GROUPS FOR EATING AND BODY IMAGE PROBLEMS
In a therapist-led supportive environment, participants are introduced to the process of relating more comfortably to food and one's body. We believe that the diet culture has caused most women to become disconnected from their innate ability to feed themselves in accordance with their bodily appetites and in a way that is physiologically and emotionally nourishing, organizing, and sustainable. Our six-week groups help women to rediscover this lost relationship with their own bodies and needs. The groups themselves combine psychoeducational and psychodynamic elements to give women the insights and tools they will need to begin to understand, heal, and transform their relationship with food and their bodies. In group processing and exploration, visualization and fantasy exercises and homework assignments are utilized.

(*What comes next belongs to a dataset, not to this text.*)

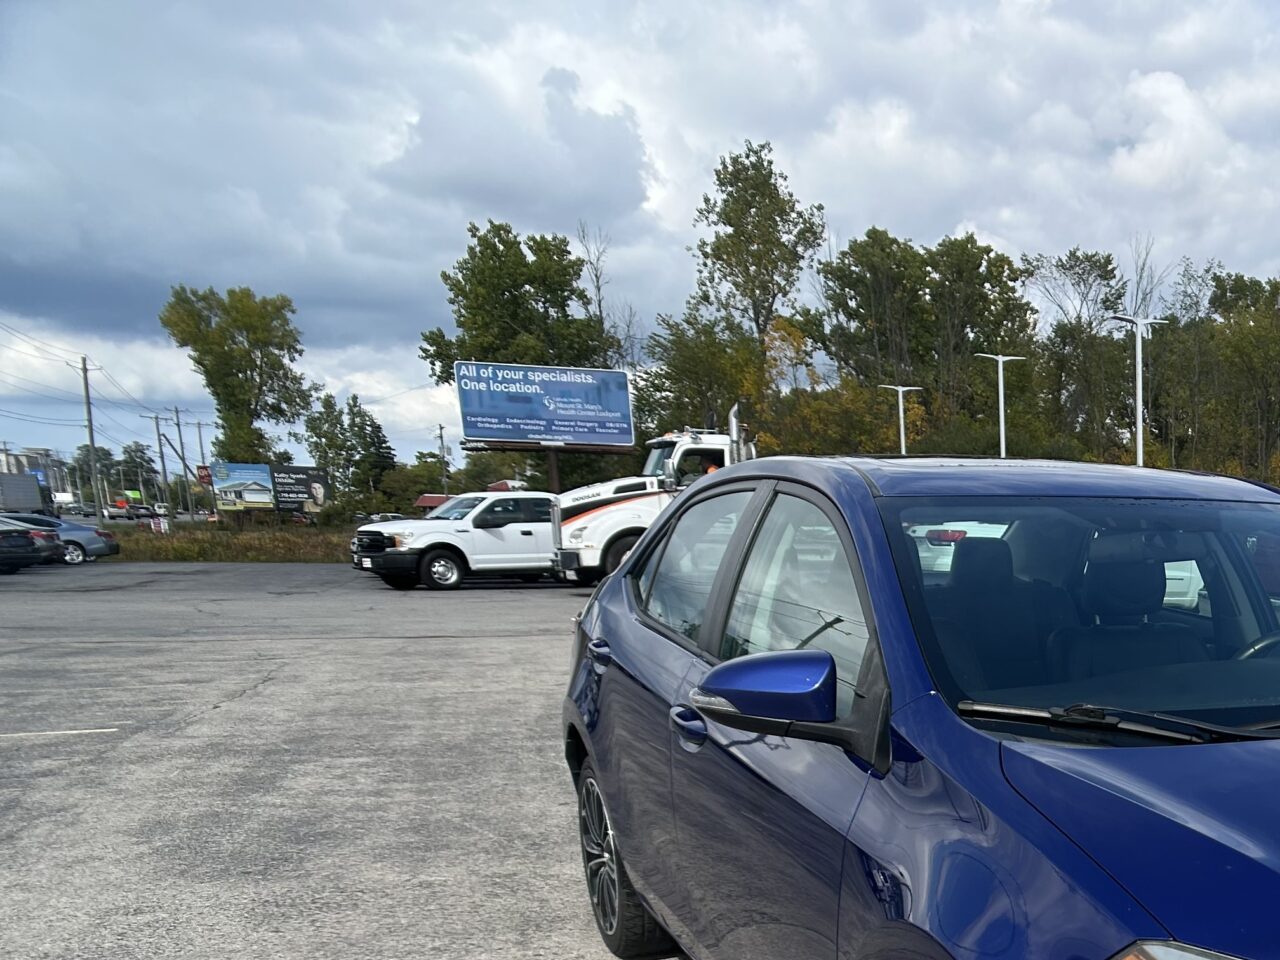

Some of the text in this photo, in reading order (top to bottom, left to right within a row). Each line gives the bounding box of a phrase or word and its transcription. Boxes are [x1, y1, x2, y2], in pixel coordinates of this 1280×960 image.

First, six-week group members are introduced to a "self-attuned" eating model that is anti-diet and mindfulness based. Over the six-weeks, women are helped to use the self-attuned eating model to eat with their hunger and to stop at satiety, while examining the reasons why they might feel compelled to eat at times when they are not physically hungry, and/or to restrict their eating during times when they are. This model represents a departure from the punitive and restrictive methods women often employ and introduces curiosity and compassion as alternatives to the often self-attacking response that constitutes the foreshortened internal world of the individual with an eating problem.
Next, there is an emphasis on legitimizing all foods and eliminating dichotomous thinking about food (i.e., good and bad, permitted and forbidden, healthy and unhealthy food groups).
Finally, group members work on body image, including the meaning of fat and thin and how ideas about one’s body function psychologically, interpersonally, and culturally.
All of this work is informed by a psychodynamic perspective and by the conscious and explicitly articulated awareness that we live in a culture that encourages women to live in disharmony with their bodies and that, for most, to live in an embodied way in this culture requires an active choice to resist cultural norms.